Presenter: Ms. Nishtha Ranawat
Supervisor: Prof. Ichiro Masai
Unit: Developmental Neurobiology Unit
Title: Embryonic microglia migration into zebrafish retina and changes in transcriptome therein
Microglia are the tissue resident macrophages of the brain that play critical role in establishment and maintenance of neuro-immunological interactions from early embryonic stages to adult life. The developing zebrafish retina provides a precise anatomical and molecularly characterized region of the forebrain ideal for studying migration of embryonic microglia. In this study we explored mechanisms underlying the colonization of developing zebrafish retina by microglia precursors. We also characterized microglia behavior in the context of retinal neurodegeneration. Migration of microglia precursors into retina was mainly studied using live imaging of transgenic fish and mutant fish models. Quantitative image analysis revealed that migration of microglia is a stepwise process depending on retinal blood vessel development followed by retinal neurogenesis. Initially, microglia precursors use emerging blood vessel system surrounding the lens to enter the space near basement membrane of retina. Thereafter, with propagation of waves of neurogenesis, these precursors begin to position themselves into neural retina with clear preferences towards regions that have undergone differentiation over undifferentiated ones.
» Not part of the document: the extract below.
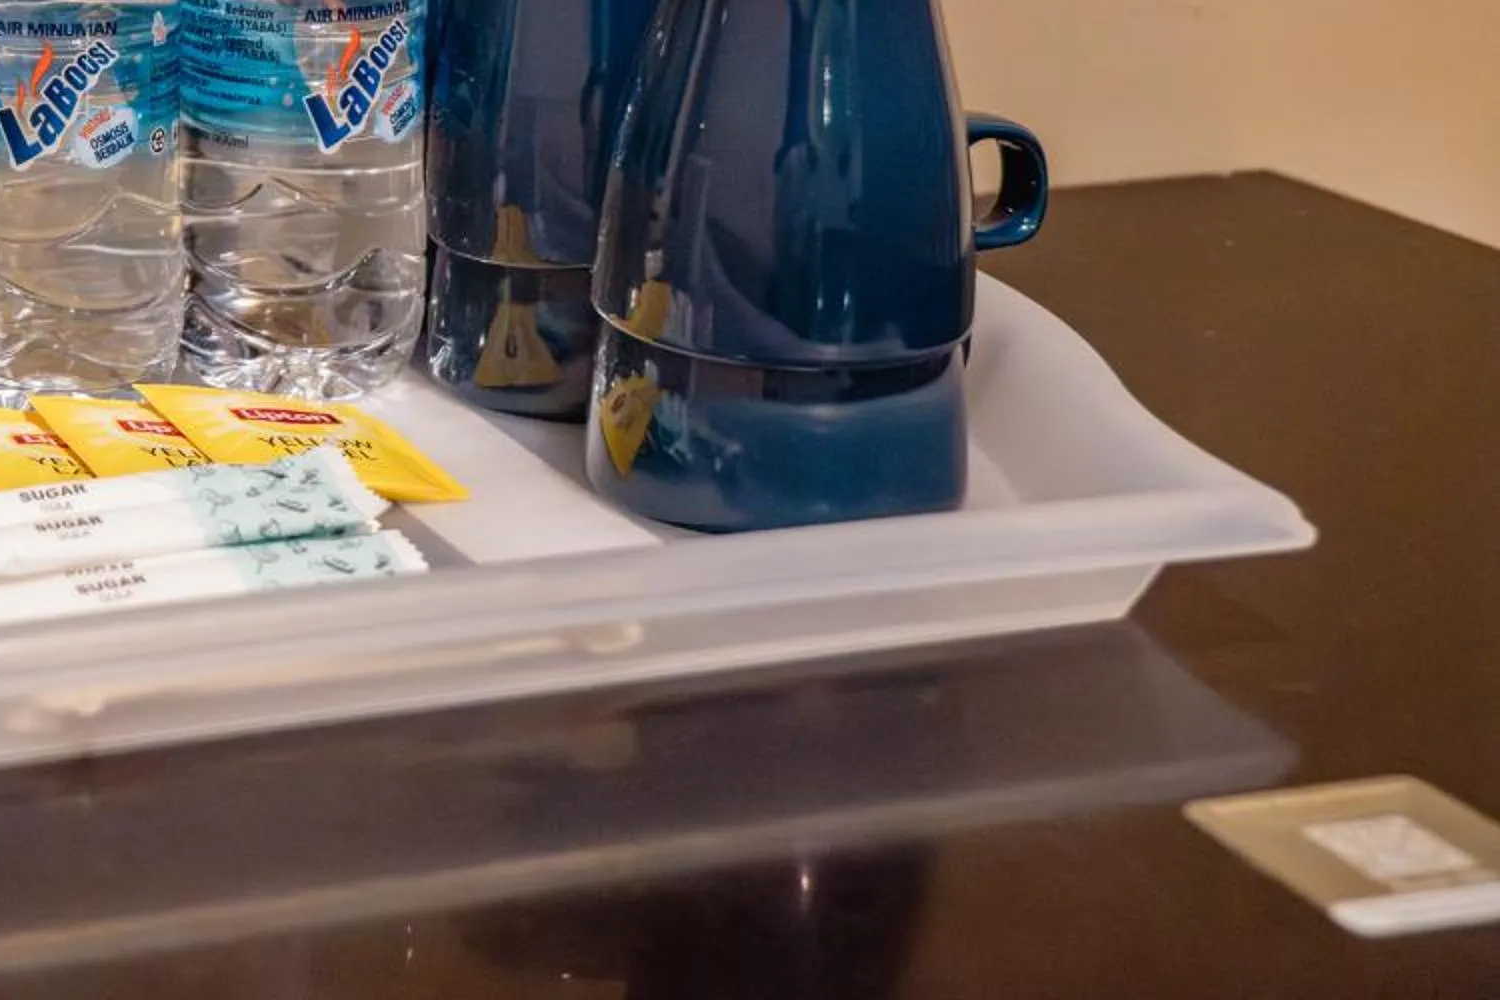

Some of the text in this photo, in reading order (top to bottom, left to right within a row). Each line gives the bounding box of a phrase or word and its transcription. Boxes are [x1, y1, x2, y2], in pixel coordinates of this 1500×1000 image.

Furthermore, a significant reduction of microglia population is observed in delayed neurogenesis mutant. This suggests a possibility of molecular crosstalk between early born retinal neurons and embryonic microglia, thereby influencing microglia content within the retina. Lastly, with the help of single cell transcriptome analysis, we attempted to characterize microglia at the molecular level mainly focusing on targets/pathways contributing to migration into neural regions.